Los Angeles-based U.S. District Judge S. James Otero picked up the case Monday, after lawyers for Trump and a firm controlled by Trump personal attorney Michael Cohen formally removed the case from state court.
The suit, filed by Daniels earlier this month in L.A. Superior Court, seeks to invalidate a non-disclosure agreement she signed before the 2016 election in exchange for a payment of $130,000. The deal called for Daniels to keep quiet about what she told friends was a sexual encounter and ensuing relationship with Trump about a decade earlier, but Daniels' suit contends that the contract was invalid because Trump never signed it.
Daniels‘ attorney, Michael Avenatti, said on Twitter last week that he believed Trump's effort to move to the case to federal court is an effort to preserve an arbitration provision in the agreement. Federal courts often enforce such provisions strictly, while state courts are sometimes more lax about enforcing them.
It's unclear whether Trump's effort to force the case into federal court will work.
In making the move last week, attorneys for Trump and Cohen's firm said Daniels—whose real name is Stephanie Clifford—is on the hook for more than $20 million in damages as a result of at least 20 violations of the confidentiality agreement she accepted.
However, one legal analyst said Monday that since Daniels' suit doesn't seek money damages, there's no basis to move it to federal court.
'There has to be more than $75,000 in controversy for a state case to be removed to federal court," said Wendy Murphy, a Boston attorney and women's rights advocate.
"Team Trump claims the amount in controversy exceeds $75,000 because Daniels could be sued for 20 million dollars for violating the NDA 20 times. But the assessment of how much is in controversy is determined by the Plaintiff's lawsuit, not the defendant's response," she noted.
If Otero determines the case doesn't belong in federal court, it will be sent back to L.A. Superior Court for action there.
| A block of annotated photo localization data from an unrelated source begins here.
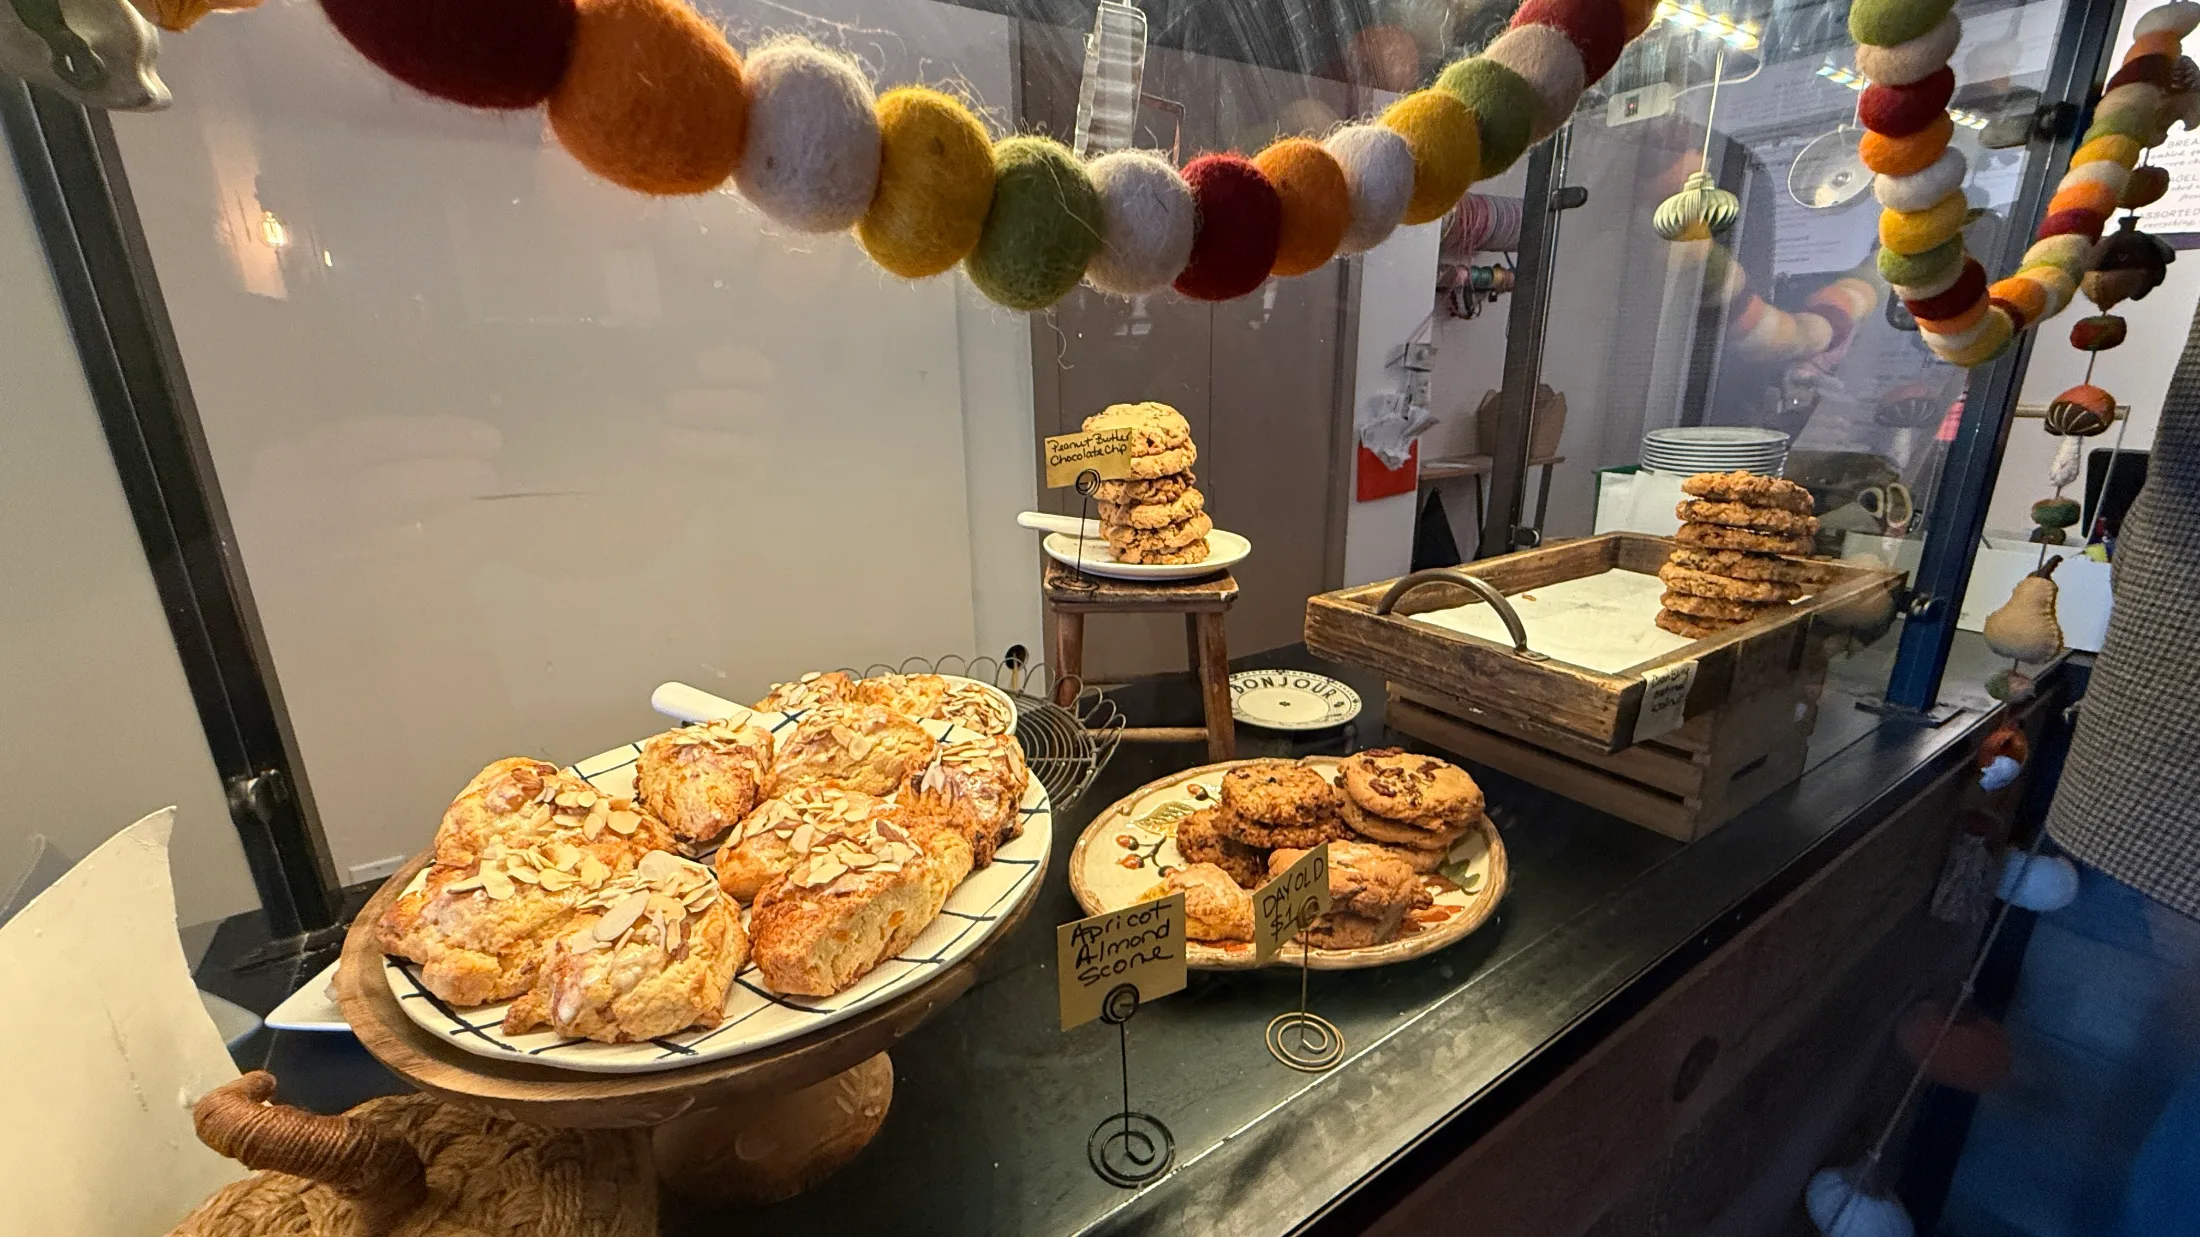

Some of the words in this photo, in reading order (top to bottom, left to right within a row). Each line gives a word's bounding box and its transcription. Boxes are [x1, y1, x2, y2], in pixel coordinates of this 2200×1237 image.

[2167, 138, 2200, 149] BREA
[1047, 438, 1093, 453] Peanut
[1092, 429, 1131, 445] Butter
[1050, 448, 1104, 466] Chocolate
[1104, 442, 1127, 455] Chip
[1230, 676, 1337, 699] BONJOUR
[1262, 873, 1292, 918] DAY
[1294, 857, 1324, 891] OLD
[1071, 900, 1172, 947] Apricot
[1076, 918, 1170, 969] Almond
[1077, 946, 1174, 987] Scone
Otero was a judge on that court before he was confirmed to his current judgeship in 2003.
Otero, a Republican, was recommended for the federal bench by a bipartisan screening committee in 2002. He has a conservative record in business and environmental cases.
However, in 2008, Otero tossed out a lawsuit alleging that a University of California policy discriminated against Christians by denying credit for high school courses based on textbooks that reject evolution and defend the Bible's explanations for natural phenomena.
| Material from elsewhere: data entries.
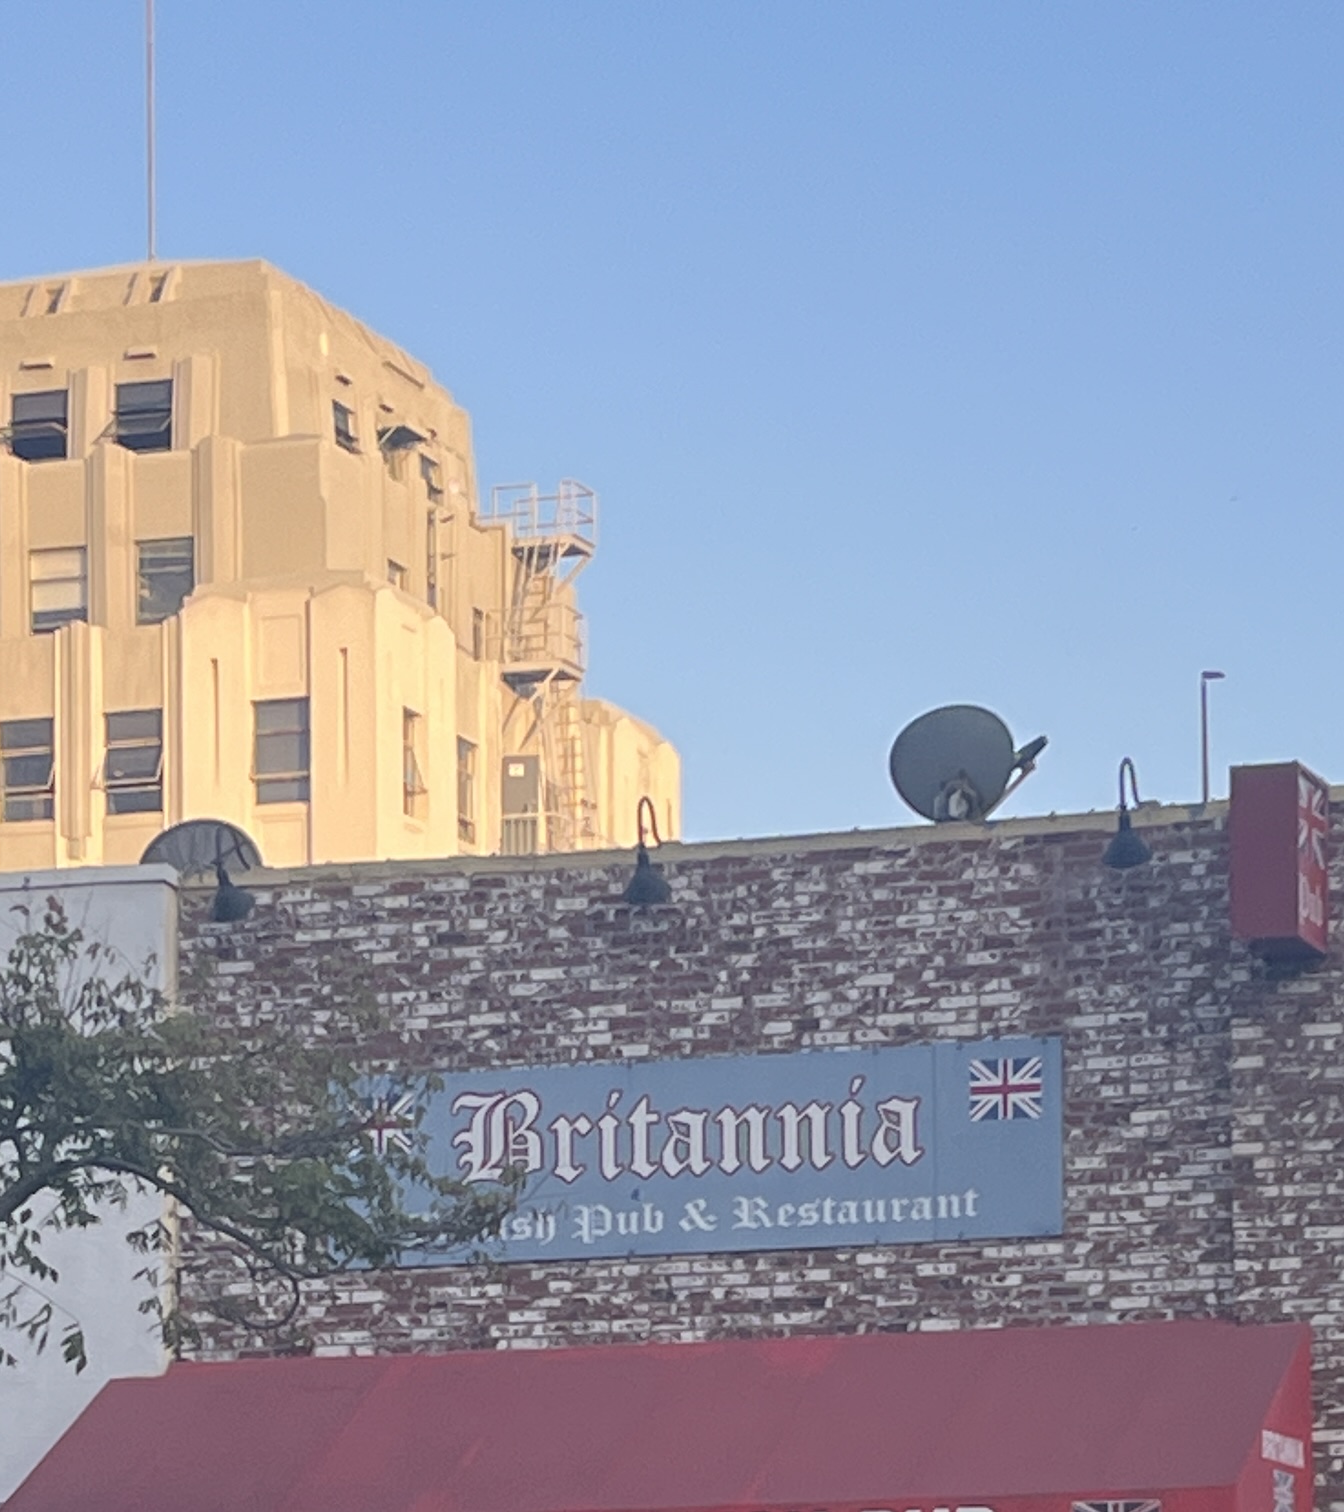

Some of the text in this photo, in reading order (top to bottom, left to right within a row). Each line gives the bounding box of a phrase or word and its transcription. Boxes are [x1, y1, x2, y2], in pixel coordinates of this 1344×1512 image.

[451, 1076, 923, 1186] Britannia
[573, 1205, 664, 1244] Pub
[677, 1200, 718, 1234] &
[731, 1188, 979, 1231] Restaurant
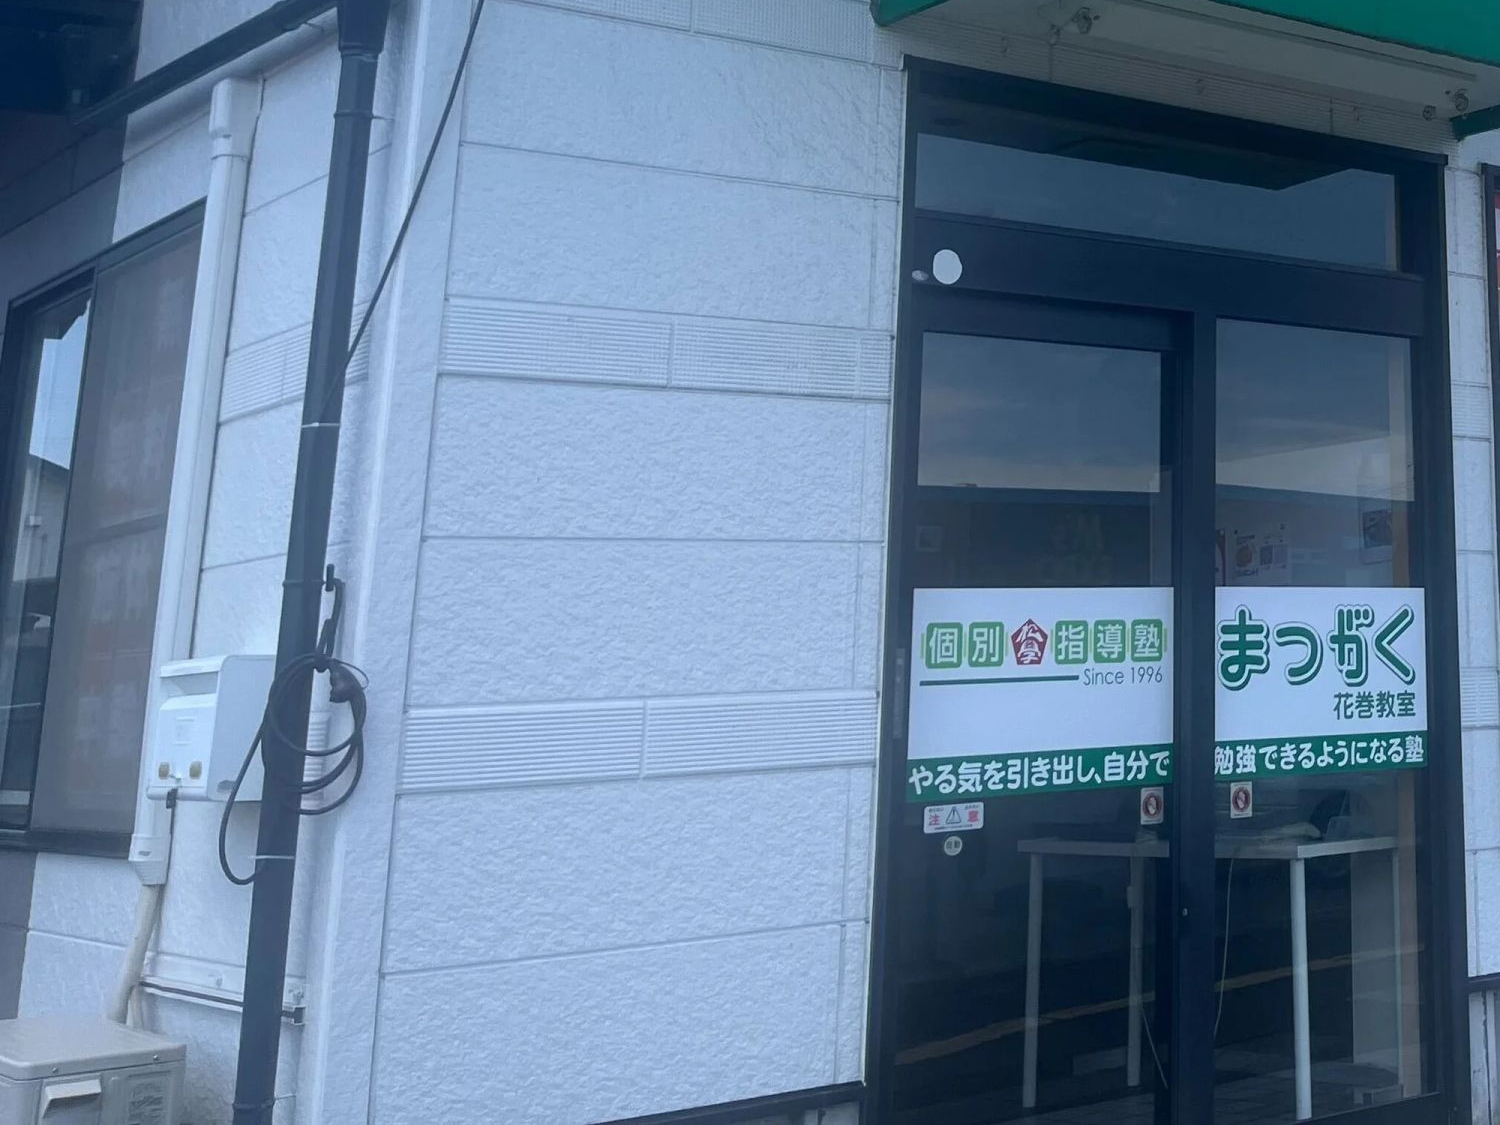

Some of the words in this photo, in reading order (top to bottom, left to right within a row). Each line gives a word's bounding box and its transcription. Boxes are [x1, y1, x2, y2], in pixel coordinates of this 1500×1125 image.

[929, 626, 999, 664] 個別
[1057, 623, 1161, 661] 指導塾
[1217, 603, 1416, 691] まつがく
[1082, 666, 1125, 687] Since
[1130, 666, 1163, 685] 1996
[1333, 690, 1416, 721] 花巻教室
[908, 749, 1170, 796] やる気を引き出し、自分で
[1214, 735, 1424, 775] 勉強できるようになる塾
And in 2005, Otero struck down a local ordinance aimed at banning day laborers from soliciting work on streets and sidewalks.
Otero is also handling litigation filed by a group of Yemeni citizens who claim to have had visas to immigrate to the U.S. delayed as a result of Trump's travel ban policies. Last August, the judge refused to certify the case as a class-action. The rest of the litigation is on hold awaiting a decision from the Supreme Court on the legality of Trump's orders.